Und wie bist du von deiner Arbeit als Lehrerin zu Schule im Aufbruch gekommen?

Ich interessierte mich schon während meines Lehramt-Studiums an der PH Freiburg für alternative Schul- und Lernformen und engagierte mich in alternativen Wohn- Kultur und Politikzusammenhängen

Durch die langjährige Mitarbeit in einer freien demokratischen Schule hatte ich die glückliche Möglichkeit, mich auf eine spannende Entwicklungsreise hin zu freiem Lernen, Begegnung auf Augenhöhe und einer auf Selbstbestimmung und Respekt ausgerichteten Bildung in einem selbstverwalteten Projekt zu begeben. Von dort zu der Vision von Schule im Aufbruch ist es gar nicht so weit. Und dann habe ich mich noch einmal umorientiert.

Erzähl!

Nach 16 Jahren und einer mich sehr bewegenden Weiterbildung zur systemischen Beraterin und Familientherapeutin wollte ich auch gerne mit Menschen in anderen Lebenssituationen arbeiten: Kinder und Jugendliche in einem kreativen Lernprojekt begleiten, deren Biografie oft von Beziehungsabbrüchen, negativen Erfahrungen mit Schule, Erwachsenen oder schwierigen Lebensbedingungen geprägt war – denn auch und ganz besonders in solch schwierigen Lebenssituationen braucht es eine vertrauensvolle Begleitung mit Blick auf Stärken, Selbstbestimmung und Lösungskompetenzen der Menschen.

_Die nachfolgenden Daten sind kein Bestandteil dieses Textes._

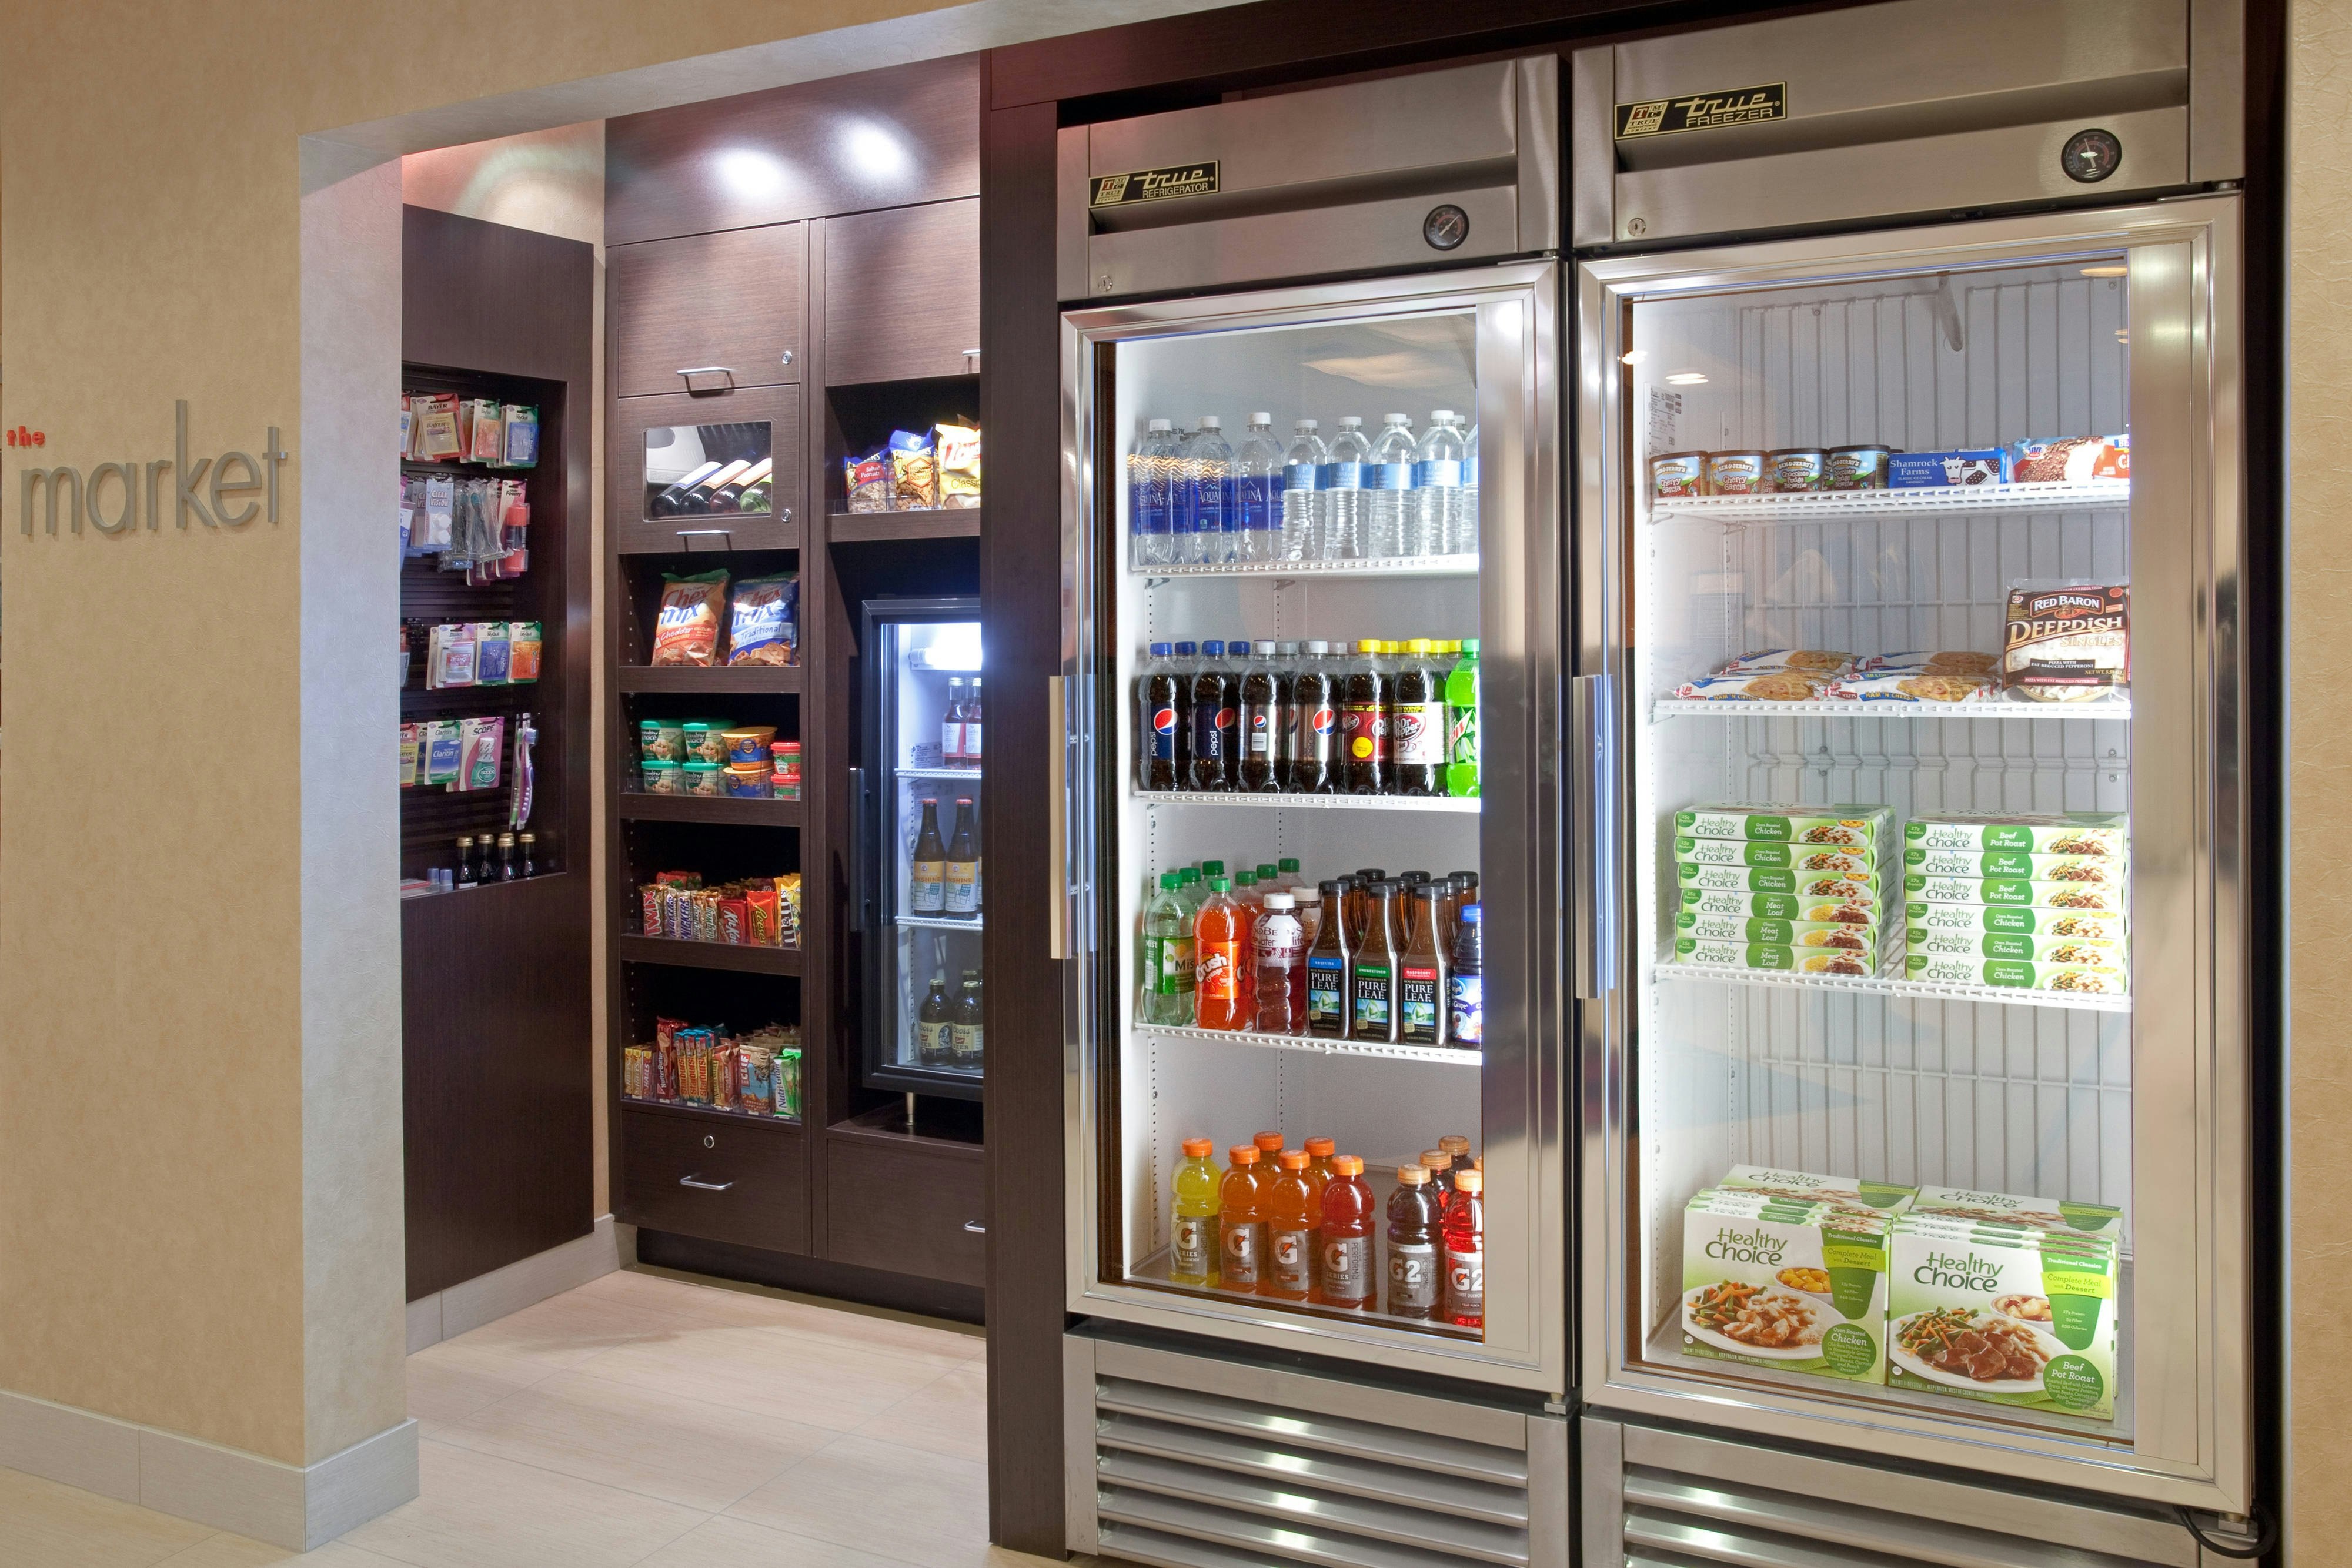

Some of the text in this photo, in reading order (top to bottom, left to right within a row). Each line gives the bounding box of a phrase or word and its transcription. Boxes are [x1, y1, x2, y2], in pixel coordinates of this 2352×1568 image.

All diese wertvollen Erfahrungen habe ich auch immer wieder in leider sehr kräfteraubenden und einschränkenden Strukturen innerhalb des Bildungs- und Hilfesystems gemacht. Zugleich habe ich ein privates Projekt gestartet, das mir das Potenzial von systemischem Denken vor Augen führt: Ich baue in Spanien eine Finca nach Prinzipien der Permakultur mit Blick auf Ressourcenschonung und natürliche Kreisläufe der uns umgebenden Natur auf und um. Diese neuen wertvollen Erkenntnisse und Erfahrungen haben mich darin bestärkt, auch beruflich nochmals neue Wege in Richtung Veränderung zu gehen.  

Mit welcher beruflichen Vision gehst du also in deine Aufgabe als FREI DAY-Koordinatorin?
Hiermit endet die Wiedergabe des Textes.